My mom went shopping for fresh produce yesterday, explaining she felt a need to be in the store and touch her own vegetables. My wife was upset that she took such a risk, but I could relate to my mom’s shopping mission since I feel a similar need to see and touch my own vegetables. I go to the People’s Food Co-op where I have been seeing and touching vegetables for decades. I used to live around the corner from the Co-op as a college student in a room that cost me $89 a month. Times change. People change. I no longer feel immortal as I did when I was in college and hitchhiked several times across the country by myself. It’s strange how buying produce now feels like a bigger risk than getting in a car with a stranger did back then.

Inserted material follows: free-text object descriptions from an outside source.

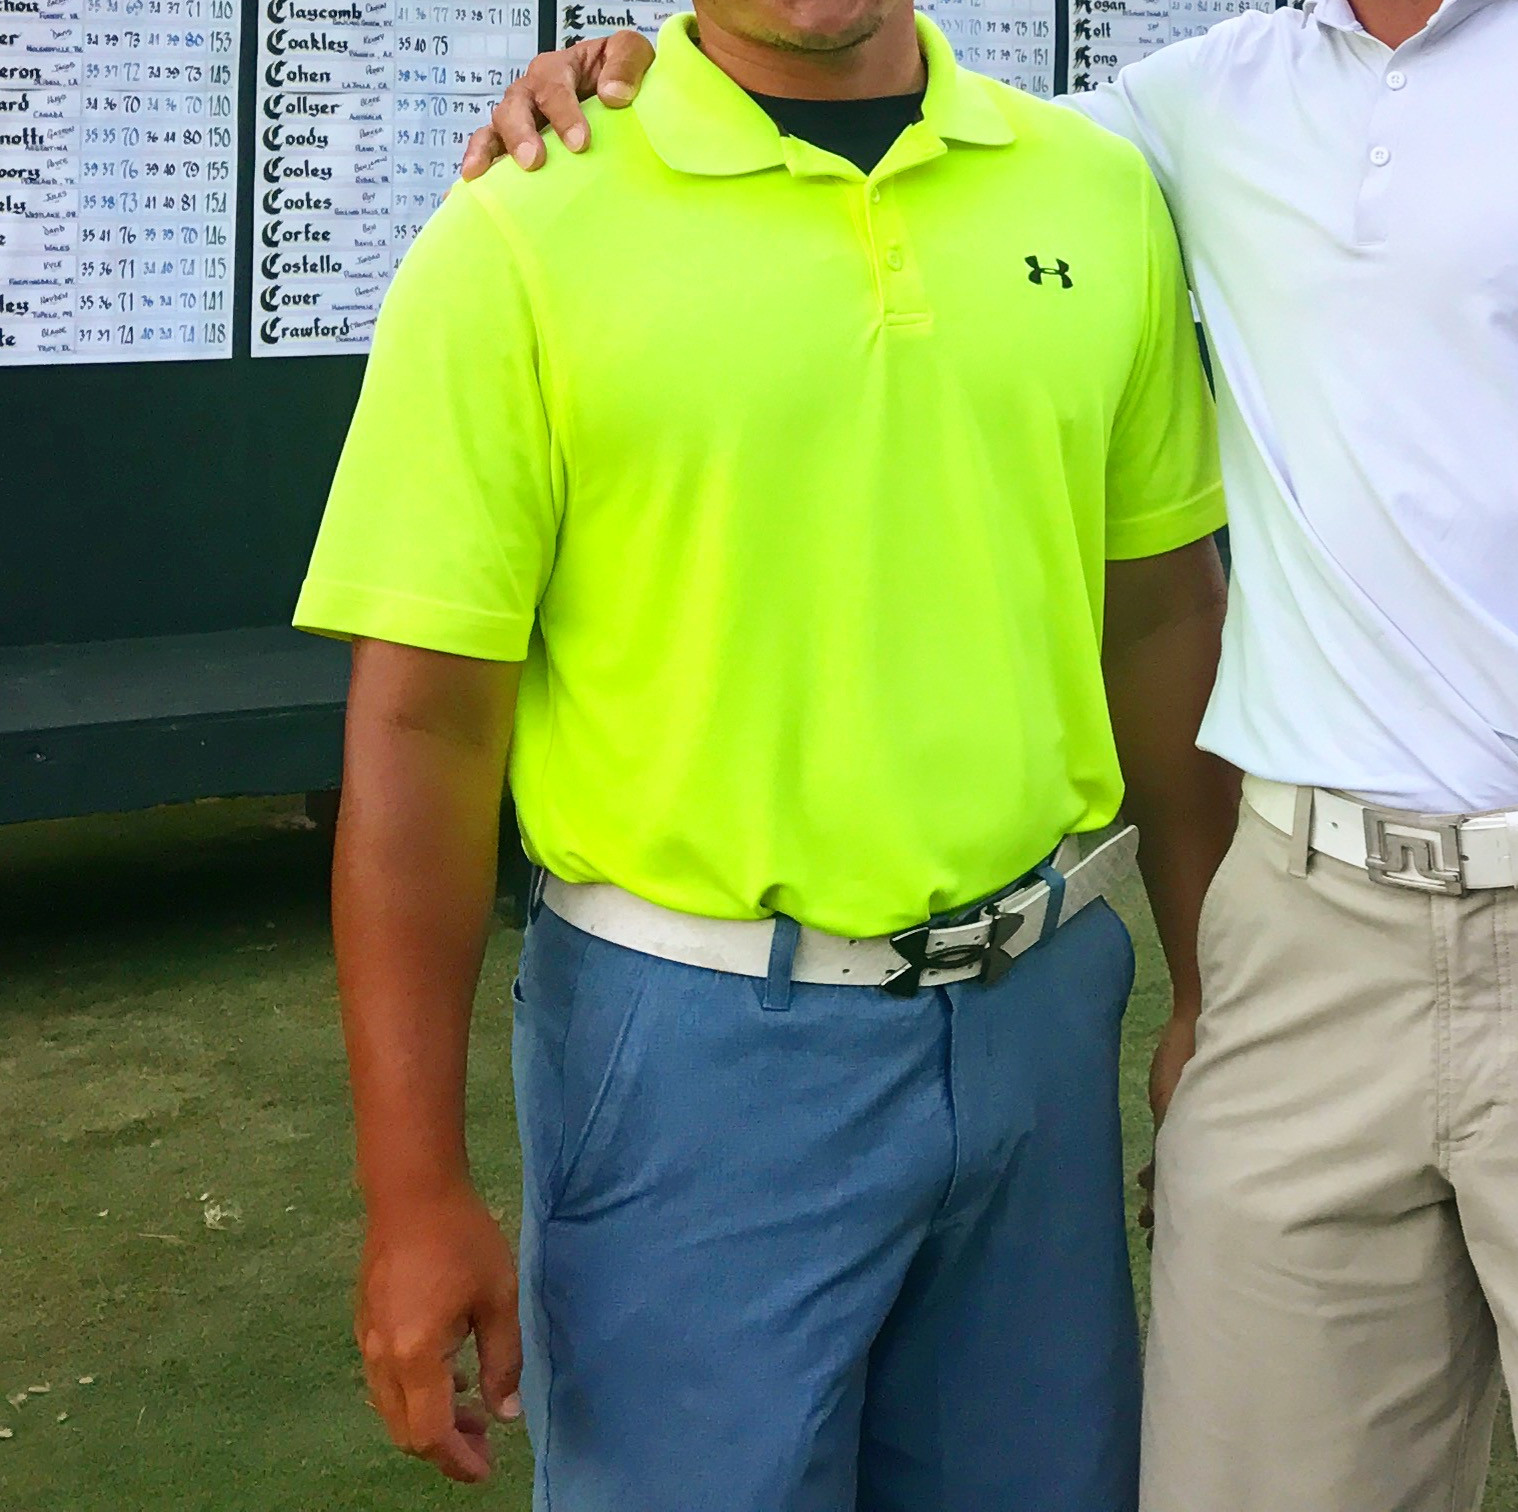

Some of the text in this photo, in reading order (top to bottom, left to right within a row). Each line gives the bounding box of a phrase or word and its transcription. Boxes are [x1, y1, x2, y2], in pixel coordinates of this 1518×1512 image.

[563, 4, 636, 29] Eubank
[266, 29, 348, 55] Coakley
[265, 61, 330, 87] Cohen
[263, 94, 342, 120] Collyer
[263, 124, 328, 151] Coody
[263, 157, 332, 183] Cooley
[263, 188, 331, 215] Cootes
[261, 252, 342, 279] Costello
[260, 285, 321, 312] Cover
[260, 316, 350, 344] Crawford

I just watched a movie Beasts of the Southern Wild where the main character finally turns and faces a wild beast that had been scaring her. It was a huge risk since she was only a six-year-old girl and the beast was enormous and terrifying. I told a client about the scene in the movie and it inspired me to want to see it again myself. It once felt like a risk for me to become a psychologist, since I didn’t know how it would be to work with people who were in pain. I only knew how it was to grow up with people who were in pain. My sister once referred to be me as the “rock of our family” and I didn’t want to be a professional rock. I wanted to be a human being. It can be more of a risk to be a human being than a therapist, since therapists can take notes and hide behind their clipboards. I never take notes in a session. I just try to listen and be as real as I possibly can. If someone asks me a question, I answer it as honestly as possible instead of asking another question about their question.

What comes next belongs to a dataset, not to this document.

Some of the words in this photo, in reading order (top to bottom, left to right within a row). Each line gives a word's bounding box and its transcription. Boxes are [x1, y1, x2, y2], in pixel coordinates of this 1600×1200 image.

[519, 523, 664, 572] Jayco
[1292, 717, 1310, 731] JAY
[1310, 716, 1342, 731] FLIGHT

While honesty can feel like a risk, it always proves to be a more meaningful risk than dishonesty. One way to gauge if a risk is meaningful is if it opens up your heart and makes you feel more alive. A lot of people are having trouble feeling alive during this pandemic period because they are increasingly more isolated. People are more like wolves than they are like cougars. Wolves live and hunt in packs while cougars are solitary animals that communicate very little and only come together for reproduction. I once started writing a story about a cougar that fell in love with a wolf and some of the challenges he faced in their relationship. There are few risks more meaningful than love. I once took a risk after knowing my wife for only a few days and predicted that if we ever had kids that they would have nice teeth. She smiled at me and said, “Our kids will have nice teeth.” As a rule, you should probably never talk about having kids on a first date, but sometimes taking risks are about breaking rules and going with what you feel inside.